[Images for object localization]
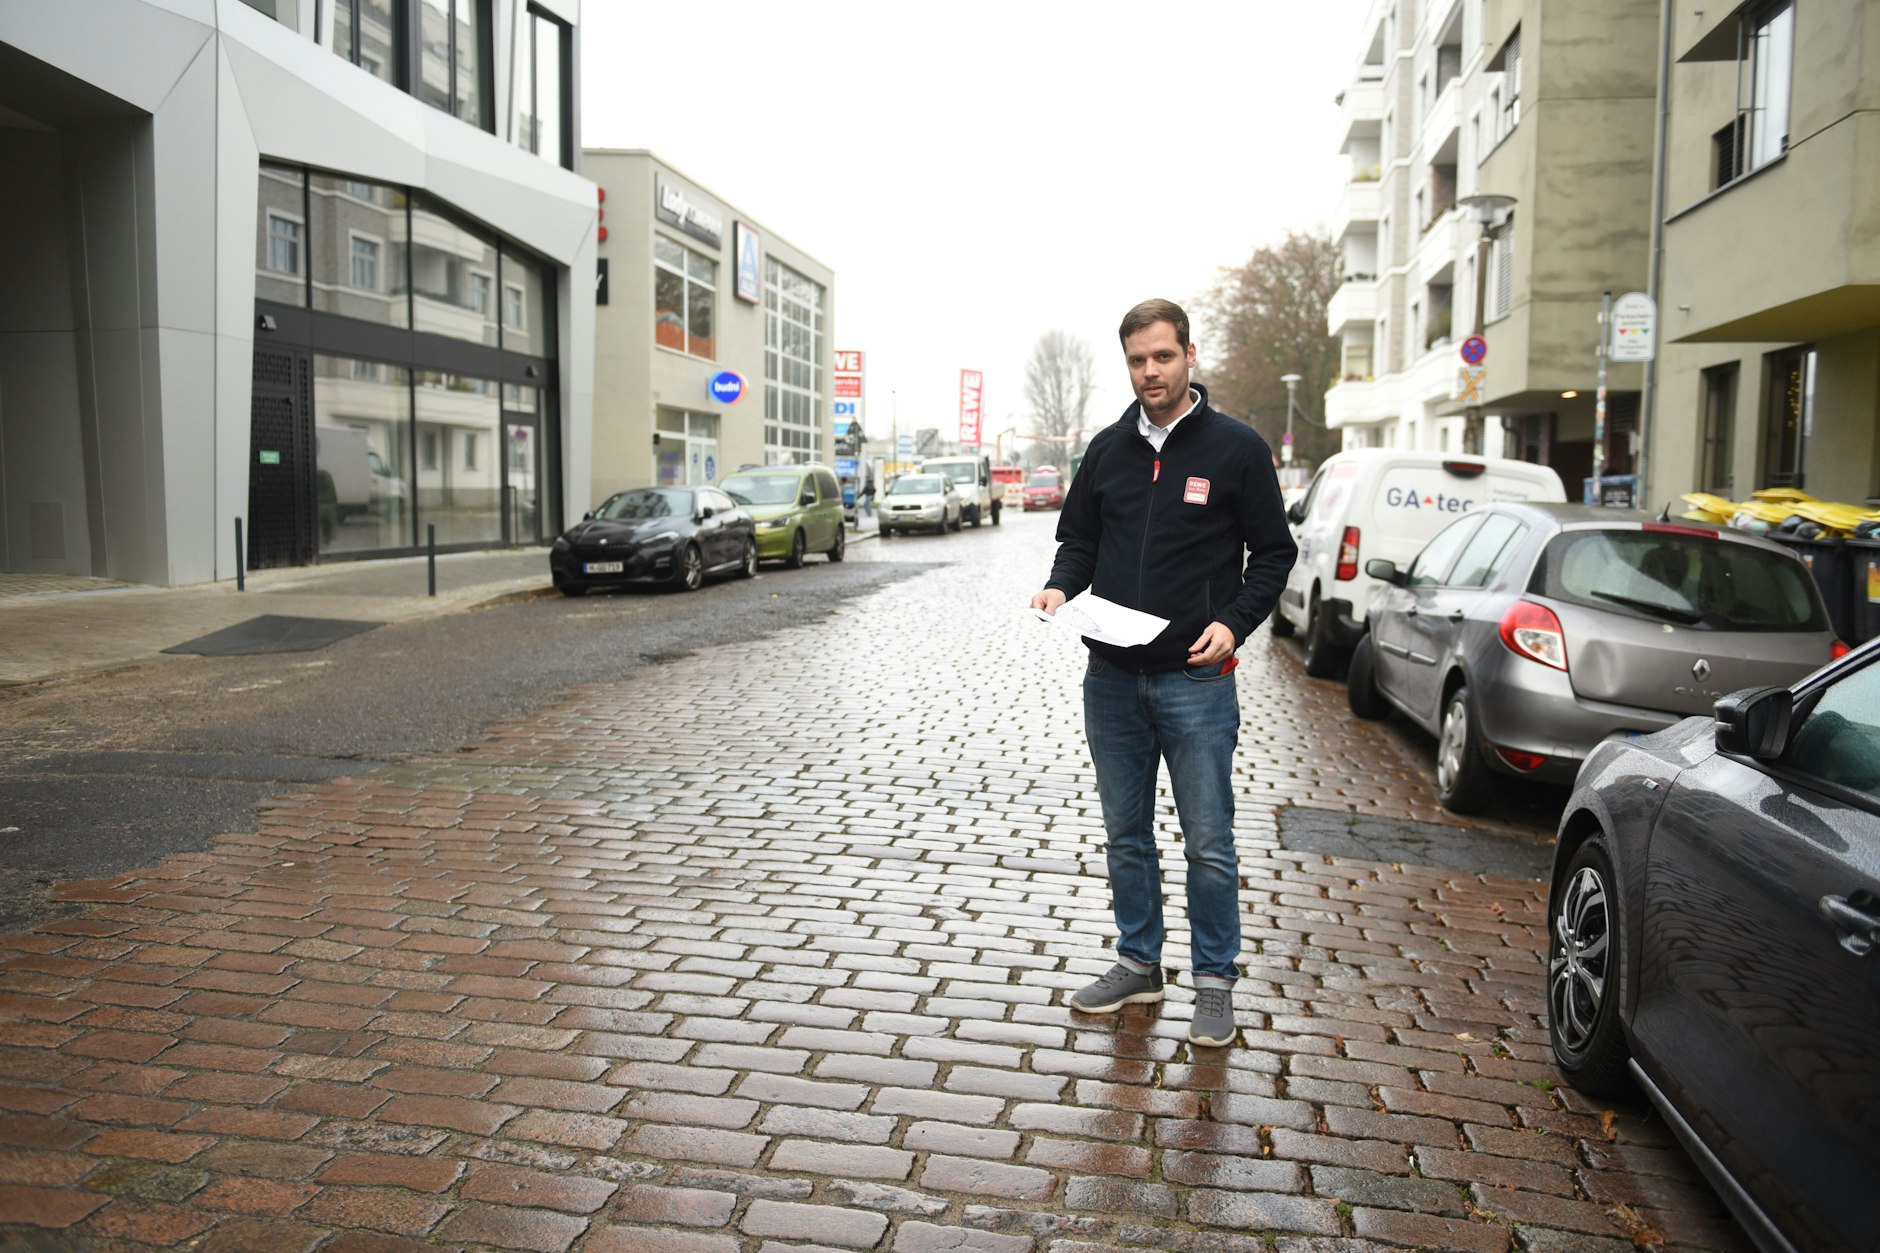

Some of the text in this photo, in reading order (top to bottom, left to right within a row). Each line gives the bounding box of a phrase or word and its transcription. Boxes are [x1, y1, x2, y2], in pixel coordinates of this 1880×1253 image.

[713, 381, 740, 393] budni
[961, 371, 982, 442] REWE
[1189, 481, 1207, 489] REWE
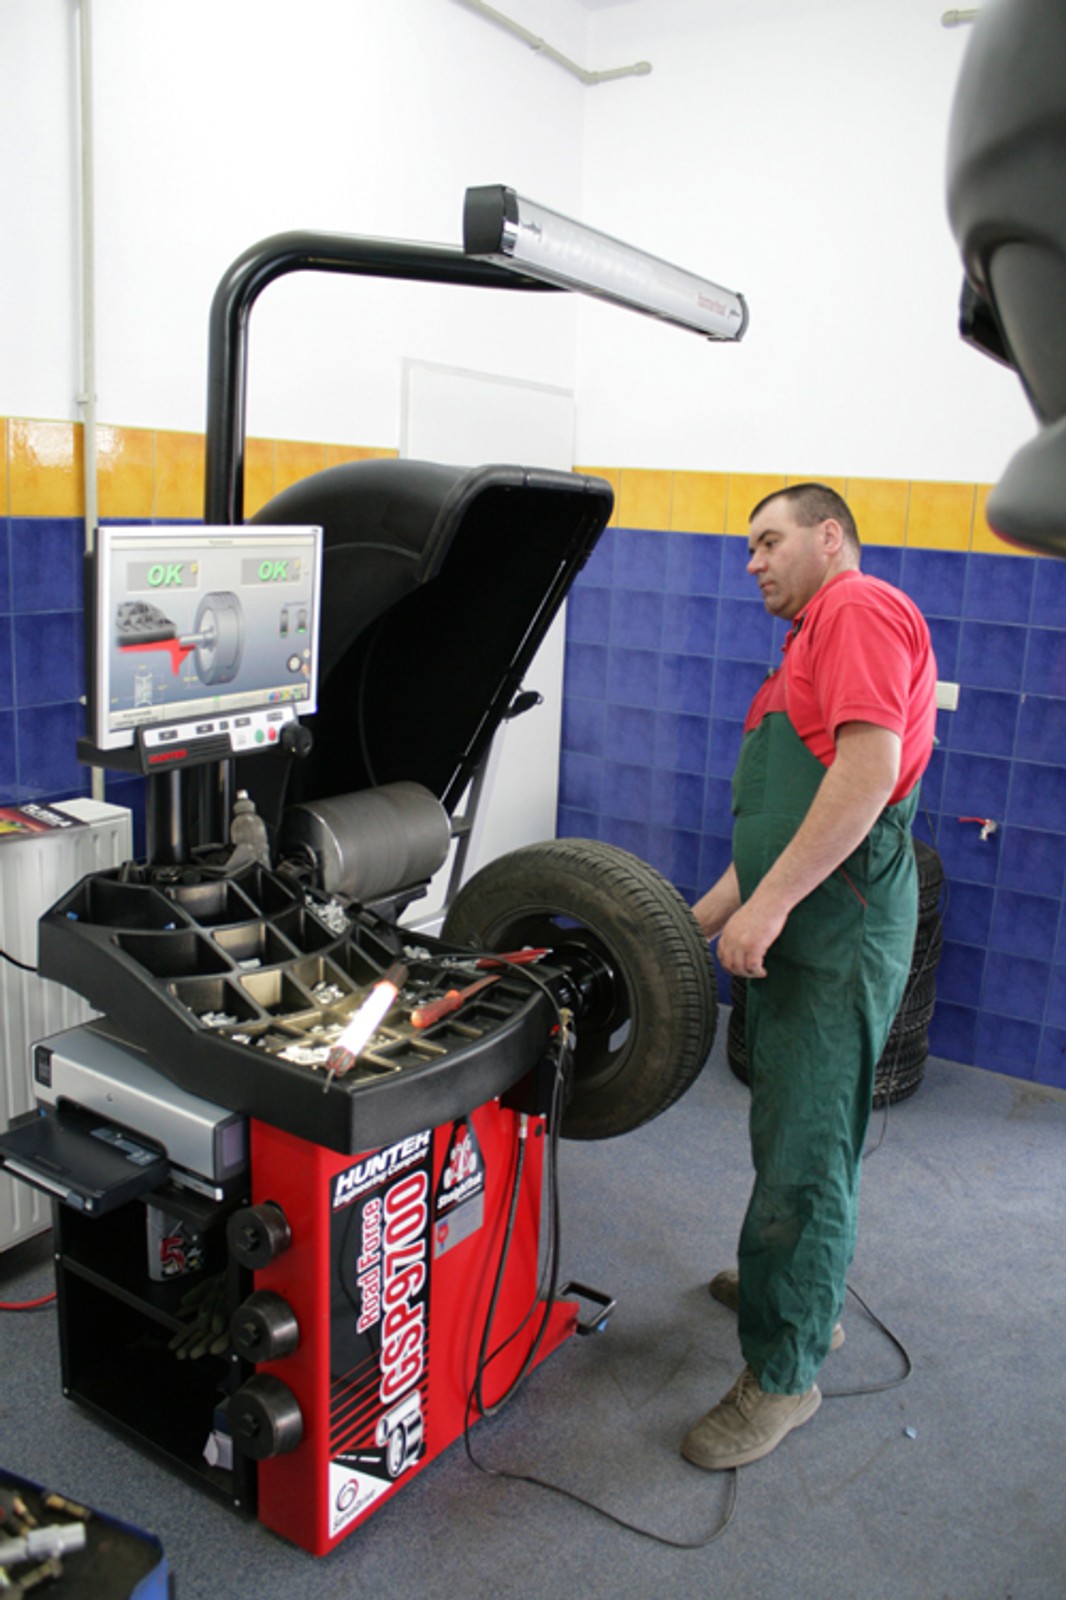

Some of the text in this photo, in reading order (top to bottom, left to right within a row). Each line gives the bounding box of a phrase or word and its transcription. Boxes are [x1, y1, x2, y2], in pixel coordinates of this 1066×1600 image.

§ WHAT THE EXERCISE ASKS
Except for the pictures, set down all of the records exactly as they are.

§ RESULT OF THIS TASK
Some of the text in this photo, in reading order (top to bottom, left to right within a row). Each line gives the bounding box of a phrase or word and its transcription. Boxes are [x1, y1, x2, y2], in pixel coordinates of this 1880×1253 image.

[713, 381, 740, 393] budni
[961, 371, 982, 442] REWE
[1189, 481, 1207, 489] REWE

Some of the text in this photo, in reading order (top to bottom, left to right within a row). Each line gives the bounding box of a phrase or word and its transcription. Boxes are [x1, y1, x2, y2], in pixel coordinates of this 1066×1600 image.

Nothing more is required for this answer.